Exercise requirements = When you copy the entries, keep every word exactly as it stands.

• • •

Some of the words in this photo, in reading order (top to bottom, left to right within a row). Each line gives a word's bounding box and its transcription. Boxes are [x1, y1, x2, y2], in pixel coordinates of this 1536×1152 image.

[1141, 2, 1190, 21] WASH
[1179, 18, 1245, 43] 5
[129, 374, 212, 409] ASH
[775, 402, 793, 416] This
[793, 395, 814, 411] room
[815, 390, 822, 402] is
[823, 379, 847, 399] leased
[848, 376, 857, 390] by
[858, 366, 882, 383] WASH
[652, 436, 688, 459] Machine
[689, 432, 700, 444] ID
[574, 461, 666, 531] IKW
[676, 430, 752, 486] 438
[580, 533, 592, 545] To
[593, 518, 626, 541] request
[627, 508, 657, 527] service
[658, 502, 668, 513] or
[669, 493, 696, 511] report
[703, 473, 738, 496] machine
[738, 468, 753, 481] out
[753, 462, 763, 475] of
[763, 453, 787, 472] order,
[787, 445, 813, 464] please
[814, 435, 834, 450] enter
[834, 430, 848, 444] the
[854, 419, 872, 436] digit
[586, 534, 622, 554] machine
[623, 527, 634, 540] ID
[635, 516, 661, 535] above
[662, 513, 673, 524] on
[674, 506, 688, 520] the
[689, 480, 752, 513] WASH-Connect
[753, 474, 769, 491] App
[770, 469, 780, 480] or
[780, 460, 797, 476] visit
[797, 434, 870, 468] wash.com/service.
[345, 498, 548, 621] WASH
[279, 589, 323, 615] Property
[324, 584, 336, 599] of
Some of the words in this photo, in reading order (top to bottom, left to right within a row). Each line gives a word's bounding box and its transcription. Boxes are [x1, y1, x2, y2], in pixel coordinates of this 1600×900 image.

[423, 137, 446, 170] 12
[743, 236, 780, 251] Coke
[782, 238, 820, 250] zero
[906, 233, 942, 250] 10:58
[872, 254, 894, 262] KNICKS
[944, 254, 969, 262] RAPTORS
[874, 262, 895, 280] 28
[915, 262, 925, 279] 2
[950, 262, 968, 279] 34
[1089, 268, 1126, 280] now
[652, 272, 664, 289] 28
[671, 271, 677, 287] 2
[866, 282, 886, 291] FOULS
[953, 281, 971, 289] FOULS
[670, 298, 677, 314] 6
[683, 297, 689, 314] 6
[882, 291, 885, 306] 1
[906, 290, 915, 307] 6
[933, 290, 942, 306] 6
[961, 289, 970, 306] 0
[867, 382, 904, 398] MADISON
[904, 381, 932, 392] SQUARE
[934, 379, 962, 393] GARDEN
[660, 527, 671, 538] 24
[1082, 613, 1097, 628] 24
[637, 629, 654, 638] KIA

• • •

Final answer =
Some of the words in this photo, in reading order (top to bottom, left to right within a row). Each line gives a word's bounding box and its transcription. Boxes are [x1, y1, x2, y2], in pixel coordinates of this 1536×1152 image.

[1141, 2, 1190, 21] WASH
[1179, 18, 1245, 43] 5
[129, 374, 212, 409] ASH
[775, 402, 793, 416] This
[793, 395, 814, 411] room
[815, 390, 822, 402] is
[823, 379, 847, 399] leased
[848, 376, 857, 390] by
[858, 366, 882, 383] WASH
[652, 436, 688, 459] Machine
[689, 432, 700, 444] ID
[574, 461, 666, 531] IKW
[676, 430, 752, 486] 438
[580, 533, 592, 545] To
[593, 518, 626, 541] request
[627, 508, 657, 527] service
[658, 502, 668, 513] or
[669, 493, 696, 511] report
[703, 473, 738, 496] machine
[738, 468, 753, 481] out
[753, 462, 763, 475] of
[763, 453, 787, 472] order,
[787, 445, 813, 464] please
[814, 435, 834, 450] enter
[834, 430, 848, 444] the
[854, 419, 872, 436] digit
[586, 534, 622, 554] machine
[623, 527, 634, 540] ID
[635, 516, 661, 535] above
[662, 513, 673, 524] on
[674, 506, 688, 520] the
[689, 480, 752, 513] WASH-Connect
[753, 474, 769, 491] App
[770, 469, 780, 480] or
[780, 460, 797, 476] visit
[797, 434, 870, 468] wash.com/service.
[345, 498, 548, 621] WASH
[279, 589, 323, 615] Property
[324, 584, 336, 599] of
Some of the words in this photo, in reading order (top to bottom, left to right within a row). Each line gives a word's bounding box and its transcription. Boxes are [x1, y1, x2, y2], in pixel coordinates of this 1600×900 image.

[423, 137, 446, 170] 12
[743, 236, 780, 251] Coke
[782, 238, 820, 250] zero
[906, 233, 942, 250] 10:58
[872, 254, 894, 262] KNICKS
[944, 254, 969, 262] RAPTORS
[874, 262, 895, 280] 28
[915, 262, 925, 279] 2
[950, 262, 968, 279] 34
[1089, 268, 1126, 280] now
[652, 272, 664, 289] 28
[671, 271, 677, 287] 2
[866, 282, 886, 291] FOULS
[953, 281, 971, 289] FOULS
[670, 298, 677, 314] 6
[683, 297, 689, 314] 6
[882, 291, 885, 306] 1
[906, 290, 915, 307] 6
[933, 290, 942, 306] 6
[961, 289, 970, 306] 0
[867, 382, 904, 398] MADISON
[904, 381, 932, 392] SQUARE
[934, 379, 962, 393] GARDEN
[660, 527, 671, 538] 24
[1082, 613, 1097, 628] 24
[637, 629, 654, 638] KIA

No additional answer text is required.